==== Exercise input

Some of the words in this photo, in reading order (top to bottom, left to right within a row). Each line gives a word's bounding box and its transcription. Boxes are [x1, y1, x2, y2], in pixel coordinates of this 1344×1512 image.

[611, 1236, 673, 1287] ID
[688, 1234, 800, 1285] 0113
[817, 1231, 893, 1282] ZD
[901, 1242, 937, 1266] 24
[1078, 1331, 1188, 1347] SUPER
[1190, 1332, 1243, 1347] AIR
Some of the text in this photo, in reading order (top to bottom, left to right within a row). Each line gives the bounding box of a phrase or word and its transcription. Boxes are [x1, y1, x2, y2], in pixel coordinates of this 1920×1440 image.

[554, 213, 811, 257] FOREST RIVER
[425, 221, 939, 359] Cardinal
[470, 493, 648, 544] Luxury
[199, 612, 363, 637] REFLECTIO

========

* [Exercise description]
Using the listing above, print the line containing "Some of the text" and every line after it exactly, up to and including the last.

* [Exercise answer]
Some of the text in this photo, in reading order (top to bottom, left to right within a row). Each line gives the bounding box of a phrase or word and its transcription. Boxes are [x1, y1, x2, y2], in pixel coordinates of this 1920×1440 image.

[554, 213, 811, 257] FOREST RIVER
[425, 221, 939, 359] Cardinal
[470, 493, 648, 544] Luxury
[199, 612, 363, 637] REFLECTIO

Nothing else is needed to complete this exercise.